I'm not sure what is different this year in my approach. I am seeing little value in having a child pulled from a classroom (because that is a typical model) to practice some skill or subset of skills in isolation of every other need that is screaming to be met in the classroom. I see little value in trying to convince another professional of a child's needs. I see little value in trying to contact the OTRs who are supposedly supervising the COTAs who make these discharge recommendations - because by the time anyone finds the OTR the meeting is over. I see little value in continuing to suggest that there be some kind of consistent eligibility criteria - because the conversation just seems to get lost when a therapist is convinced that you can meaningfully track a child's progress through a triennial evaluation process. I just don't see the point in trying to educate people about this any longer - because I just can't do it myself.
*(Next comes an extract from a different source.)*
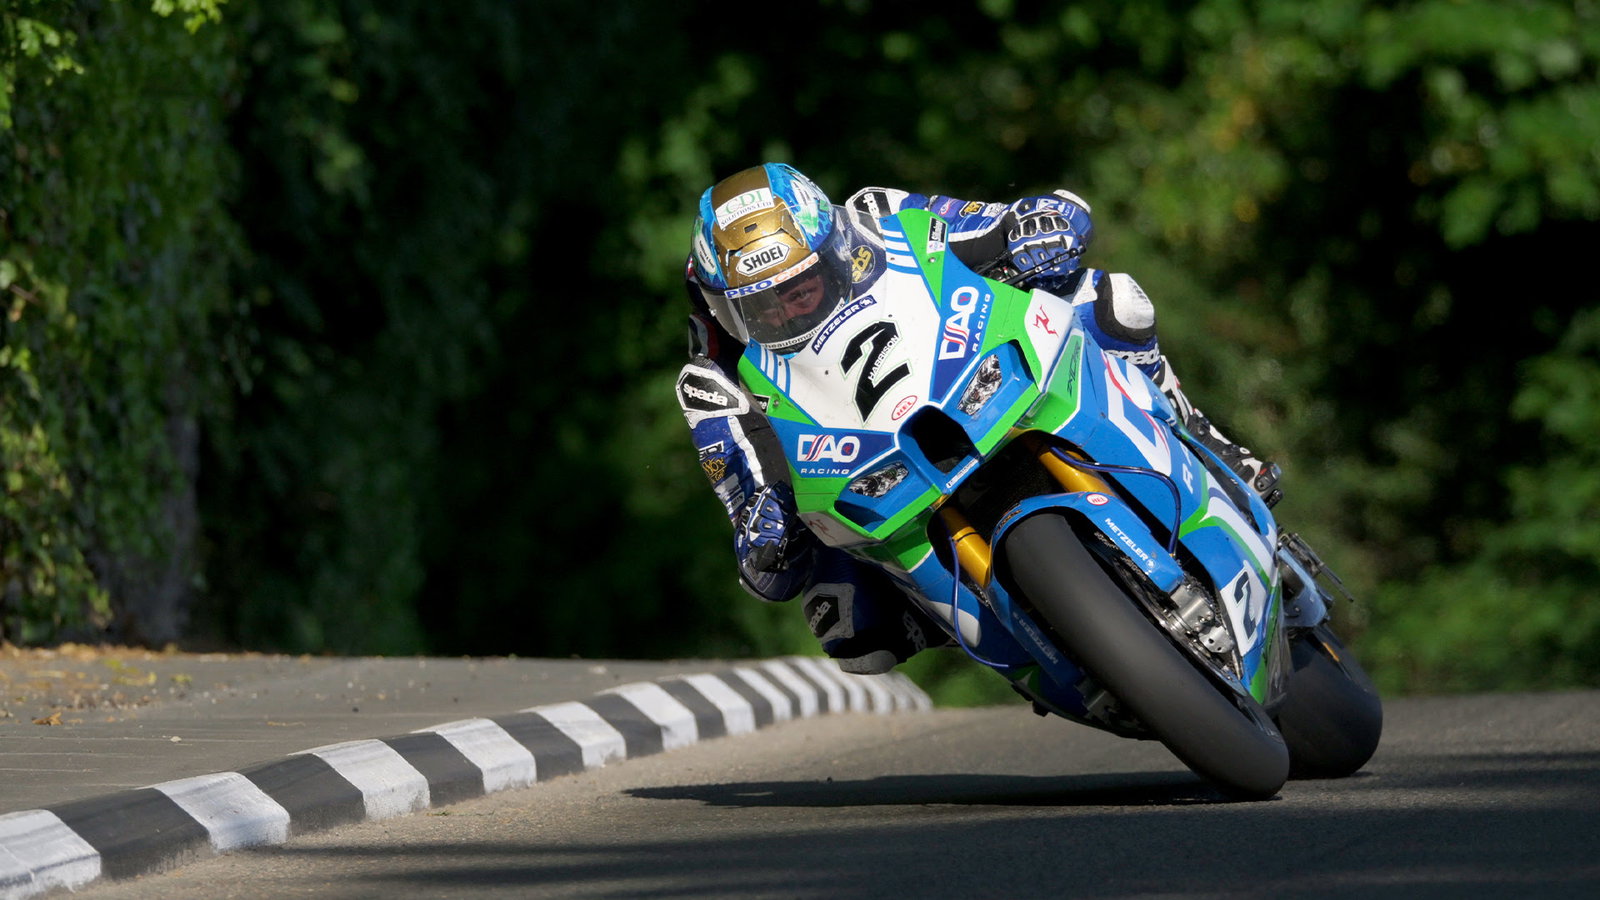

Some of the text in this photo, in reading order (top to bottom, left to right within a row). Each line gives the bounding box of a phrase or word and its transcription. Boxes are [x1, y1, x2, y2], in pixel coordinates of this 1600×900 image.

So the new reality dictates that until situations change I will sometimes tell parents not to bother with school based OT - because sometimes the service has equivocal value. We are finding that we can accomplish more by working with the parents and teachers directly ourselves - even when we are off site. That is the current unfortunate reality.

Three step solution:

1. updated AOTA direction and guidance on philosophical and practice models for school-based OT services, including clear recommendations for OTR/COTA role delineation, general service eligibility parameters, and evidence-based practice guidelines

2. statewide (e.g. NYSOTA) roundtables and plenaries that review the recommendations and 'stamp' them as approved after additional modifications as needed to address state by state regulatory and procedural differences

3. local/regional study groups that meet to develop plans to implement the recommendations

Comments

Anonymous said…
I wholeheartedly agree with your post. In our recent survey, approximately 40% of school based OT's and PT's have no entrance criteria (go to www.YourTherapySource.com/surveycriteria for more info). When they did report entrance criteria I was shocked to read some of the responses (my personal favorite - availability of therapist). Therapists need to take action and collect evidence that our services in the school are working.
Buckeyebrit said…
Hear hear - this is a great post Chris! would love to have it as part of the carnival?
AFD said…
Again, very negative and condescending to school-based OTs. We are of no value?

Hi AFD,

The concern is nothing personal about individual therapists. The concern is the systems that the therapists are trying to operate within. Also, you will note that I said '(some)' school based occupational therapy.
Monica said…
As a school-based therapist, I (sadly) agree with this post. We are spread so thin and have so little follow-through when we're not around. How can that model effect change? I see the most progress in the classes where I treat the most students. This obviously makes sense since I spend the most time in those rooms and therefore have the most collaboration with the teachers and other classroom staff, which leads to them incorporating my recommendations into their daily activities. I wish I could spend more time in every one of my students' classrooms, but I'm having to rush to the next school, next meeting, next duty... you get the point. Also, if I'm pulling students out, I barely get to know the teachers, so why should they trust me? They're so strapped for time as it is, why would they want to add more responsibilities because some random person is telling them it will help their students?

I once upon a time worked for a school that was all special ed. Almost all the students received some sort of OT service, most more than once a week. The growth we saw was impressive, but it's just not the reality in most schools. I agree with you that something needs to change.